In everyday social situations, normal hearing humans are able to listen to a speaker in the midst of other people talking and other sound sources. This is an example of a general problem termed auditory scene analysis. The understanding of auditory scene analysis remains a challenging problem in a diverse range of fields such as neuroscience, computer science, speech recognition and engineering, after more than 50 years of research. Although a difficult problem for machines and hearing impaired listeners, humans with normal hearing solve it with relative ease. This suggests the existence of a solution to this problem in the brain, but this solution remains unknown. This project will investigate how the brain solves this problem. By revealing circuits in the brain that contribute to the solution, this project will ultimately improve quality of life through applications in medical devices, e.g., hearing aids and cochlear implants; benefit society through applications in technology, e.g., applications for speech recognition; and create an educational platform to train students to integrate knowledge from a variety of disciplines to address challenging and important societal problems.

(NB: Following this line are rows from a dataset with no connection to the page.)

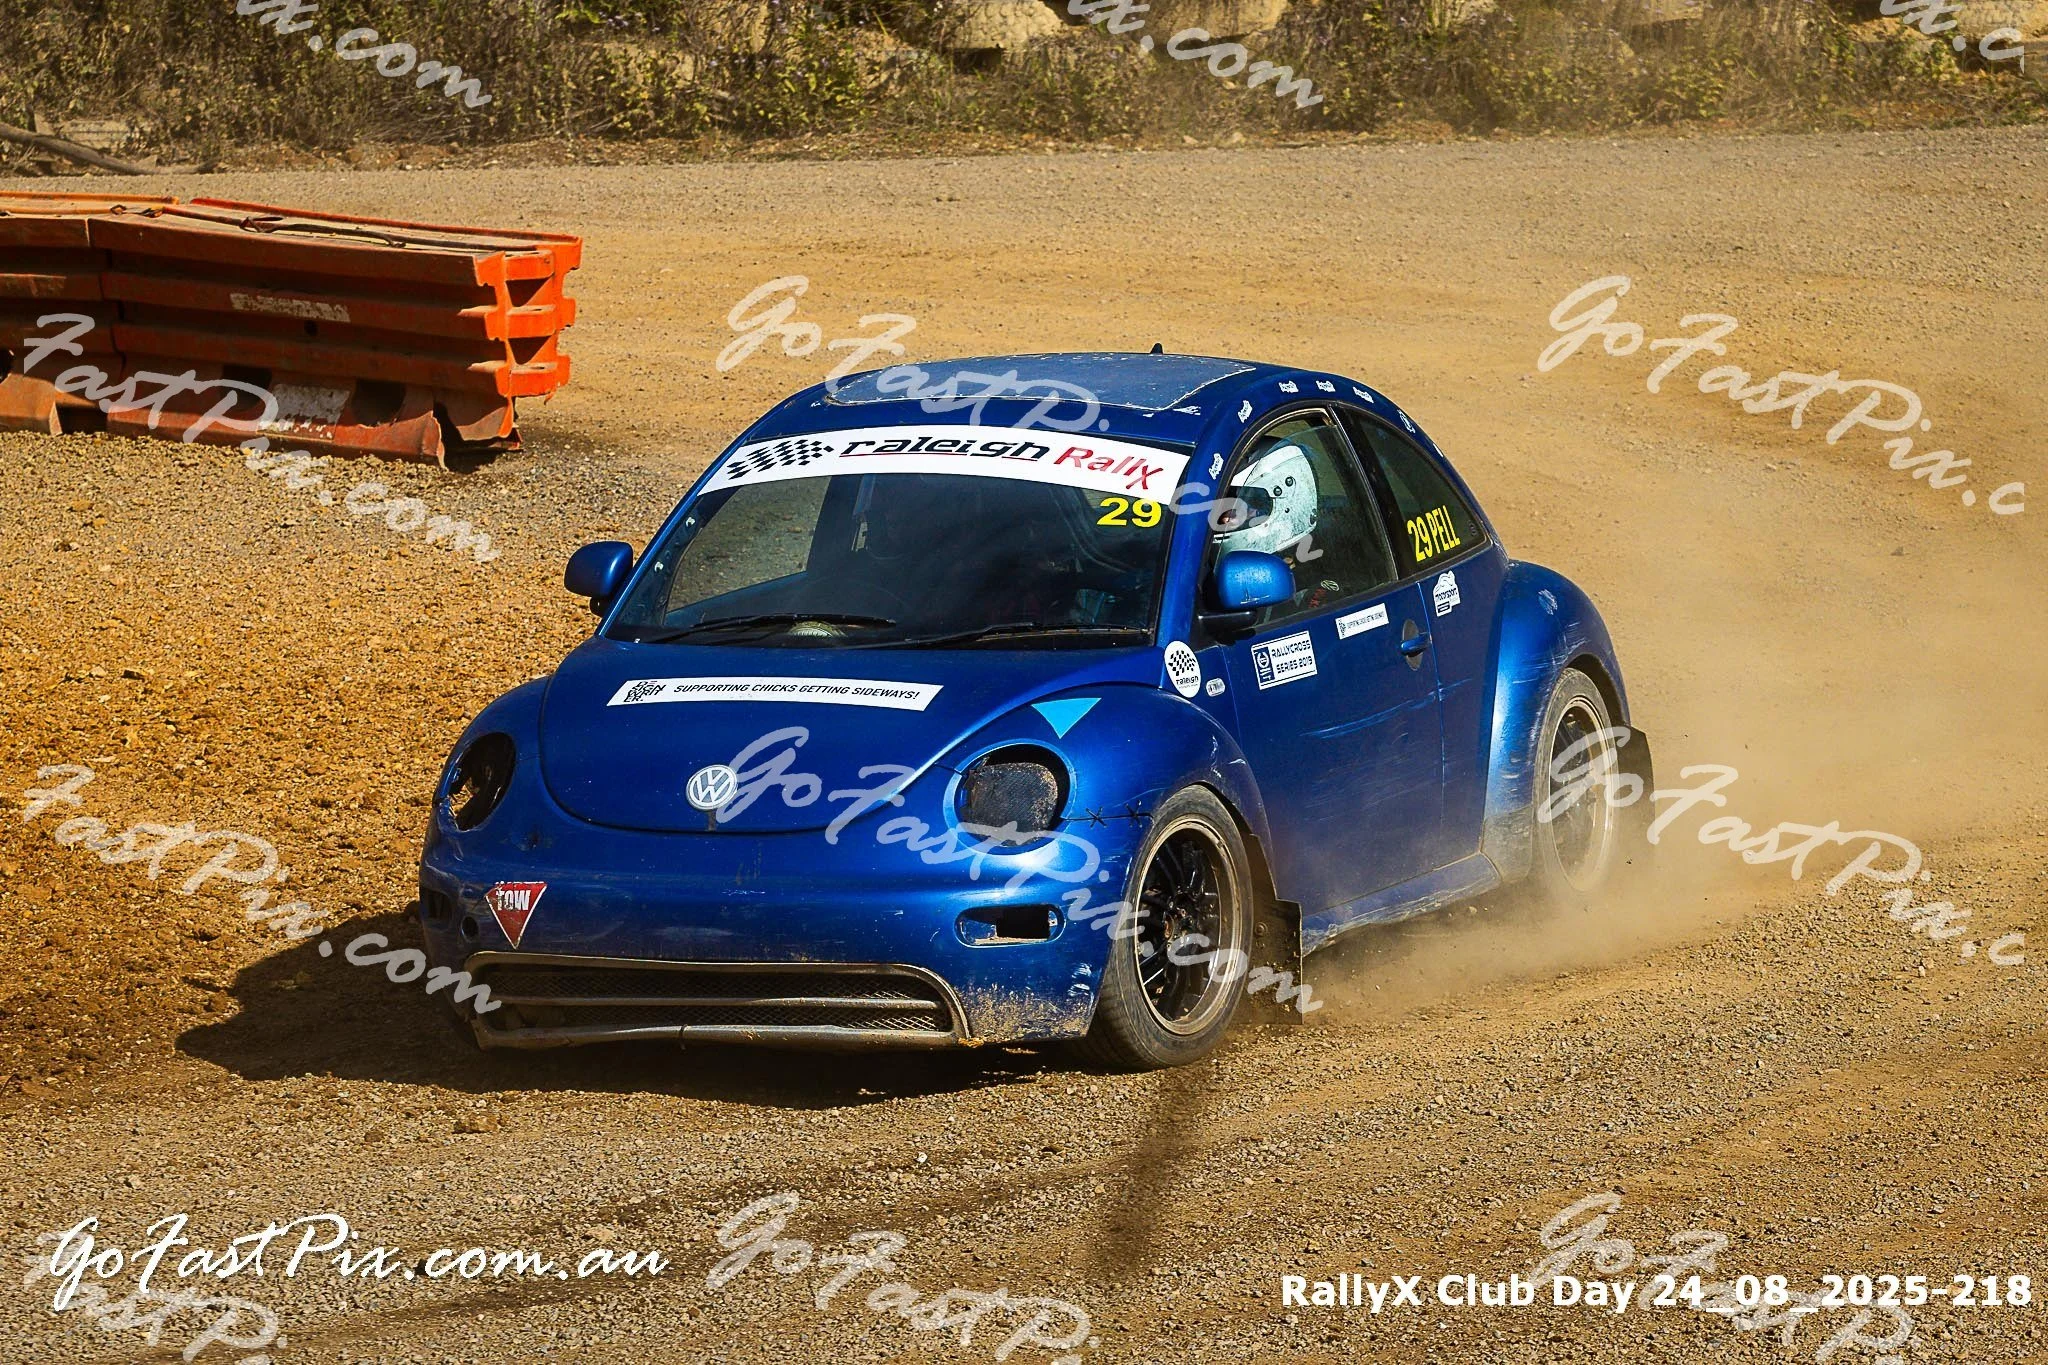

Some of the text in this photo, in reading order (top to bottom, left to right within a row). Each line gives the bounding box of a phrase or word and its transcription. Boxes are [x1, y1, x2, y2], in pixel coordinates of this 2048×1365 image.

[839, 436, 1050, 462] raleigh
[1097, 497, 1162, 528] 29
[1406, 505, 1461, 562] 29 PELL
[673, 684, 920, 700] SUPPORTING CHICKS GETTING SIDEWAYS!
[496, 889, 531, 911] TOW
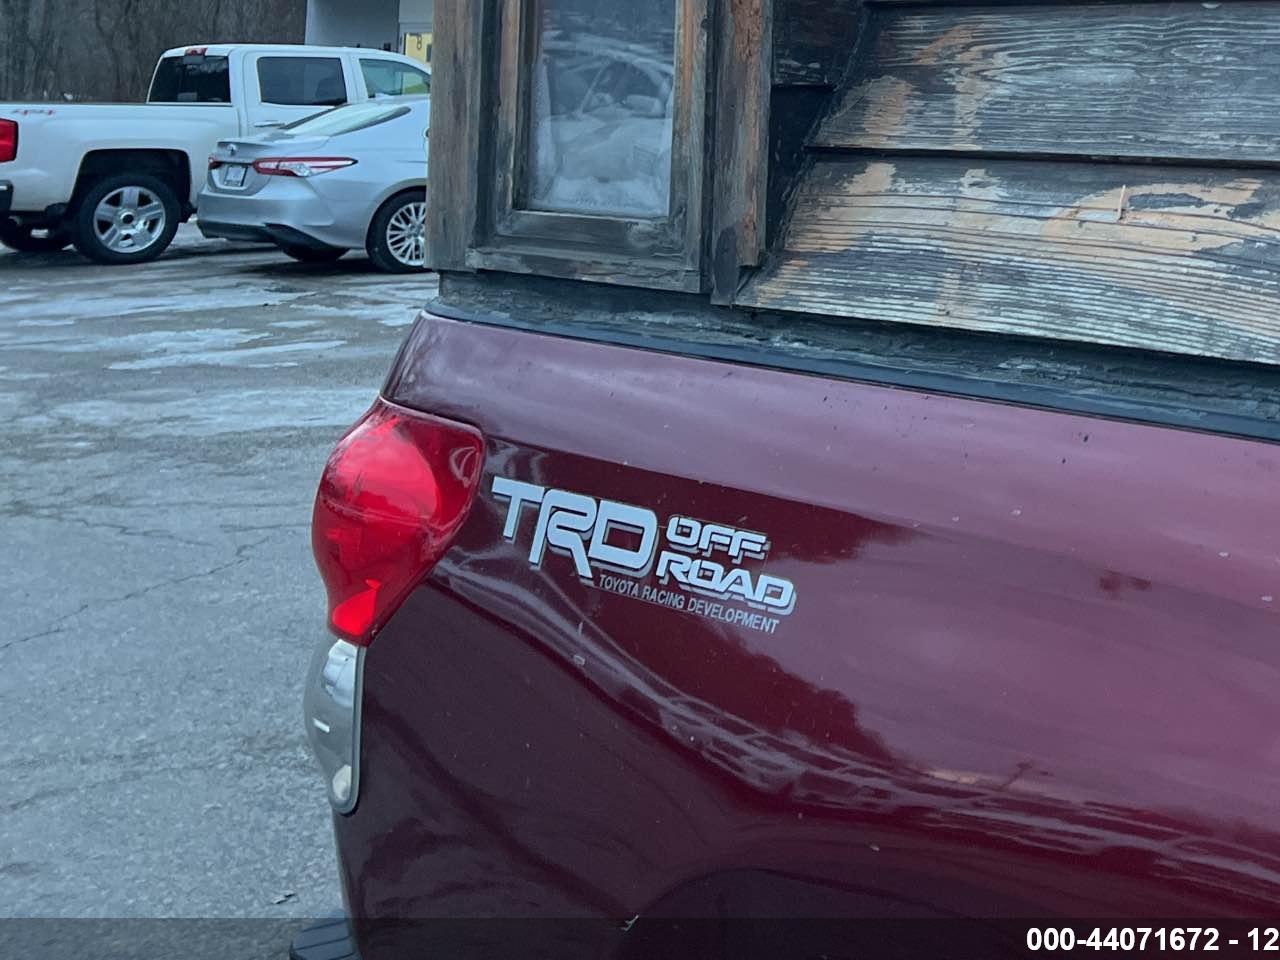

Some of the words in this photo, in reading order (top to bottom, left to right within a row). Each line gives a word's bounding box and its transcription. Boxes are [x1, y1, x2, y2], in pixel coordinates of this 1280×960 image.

[491, 475, 659, 583] TRD
[665, 515, 769, 560] OFF
[599, 573, 640, 598] TOYOTA
[641, 586, 685, 610] RACING
[687, 597, 780, 635] DEVELOPMENT
[655, 550, 796, 612] ROAD

The spatial location of different sound sources is an important component of auditory scene analysis. The auditory cortex, with its unique spatial sound processing ability, is thought to play an important role in auditory scene analysis, although the underlying neural network mechanisms remain largely unknown. This project will investigate cortical circuits for auditory scene analysis in the primary auditory cortex of the mouse, employing powerful optogenetic tools to investigate both bottom-up and top-down mechanisms. First, the investigators will examine the influence of behavioral states on cortical spatial representations of sound mixtures across different cortical layers and test the hypotheses that such spatial representations vary across cortical layers and behavioral states of the animal. Second, the investigators will examine the causal role of parvalbumin positive (PV) inhibitory interneurons versus somatostatin positive (SOM) inhibitory interneurons in the primary auditory cortex, using optogenetic manipulations, and test the hypothesis that PV interneurons are critical in mediating bottom-up signaling, whereas SOM interneurons are selectively engaged during active behavioral states. Finally, the investigators will construct a computational model of the primary auditory cortex including excitatory, PV and SOM neurons to explain the experimental results and make predictions for future experiments.

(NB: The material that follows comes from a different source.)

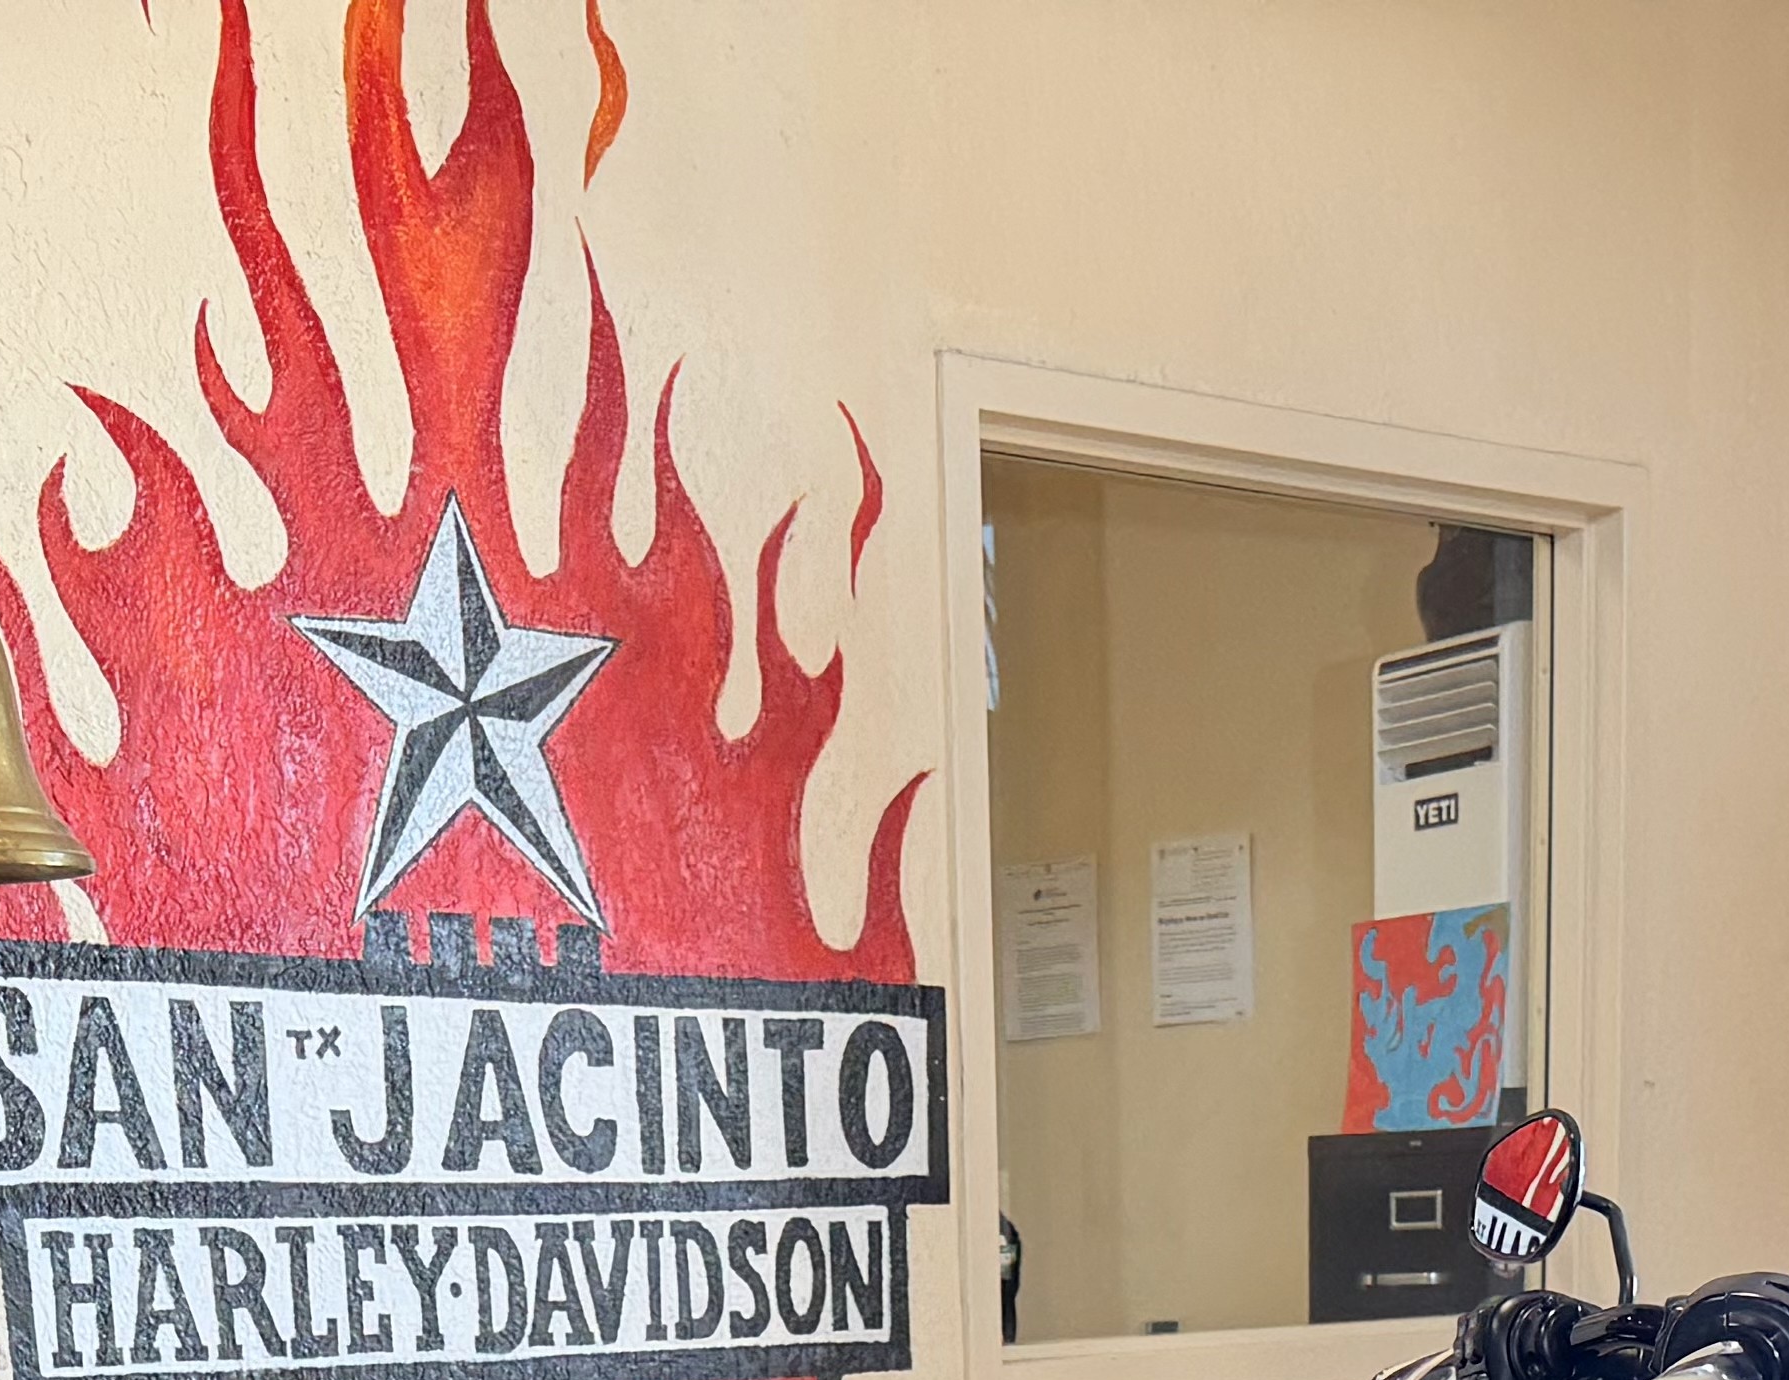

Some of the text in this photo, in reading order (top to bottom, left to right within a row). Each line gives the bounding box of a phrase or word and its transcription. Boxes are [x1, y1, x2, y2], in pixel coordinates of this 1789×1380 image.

[1416, 798, 1456, 826] YETI
[285, 1024, 343, 1060] TX
[329, 1003, 914, 1176] JACINTO

This award reflects NSF's statutory mission and has been deemed worthy of support through evaluation using the Foundation's intellectual merit and broader impacts review criteria.

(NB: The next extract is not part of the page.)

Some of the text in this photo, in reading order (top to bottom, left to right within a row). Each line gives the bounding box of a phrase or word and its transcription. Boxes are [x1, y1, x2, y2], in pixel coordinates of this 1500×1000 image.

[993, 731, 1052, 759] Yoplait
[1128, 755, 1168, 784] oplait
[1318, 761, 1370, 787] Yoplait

The ability of our auditory systems to recognize target sounds in a mixture of other sounds is fundamental to normal healthy function and communication. For example, during the course of a normal day we must communicate with a conversation partner in the presence of other sounds, e.g., other people talking, music, sound of cars etc. Like humans, many animals are capable of listening to a single sound source in a mixture of sources. Thus, neural circuits for solving the CPP also likely exist in animals. This proposal, will investigate how the auditory cortex contributes to solving this problem by unraveling cortical circuitry that underlies the processing of complex sound mixtures, using powerful experimental tools available in mice. By providing new insights into cortical mechanisms that help solve this problem in the normal brain, this proposal may impact the development of novel therapeutic strategies for the hearing impaired, who have great difficulty solving this problem, and improve hearing assistive devices, e.g., hearing aids and cochlear implants.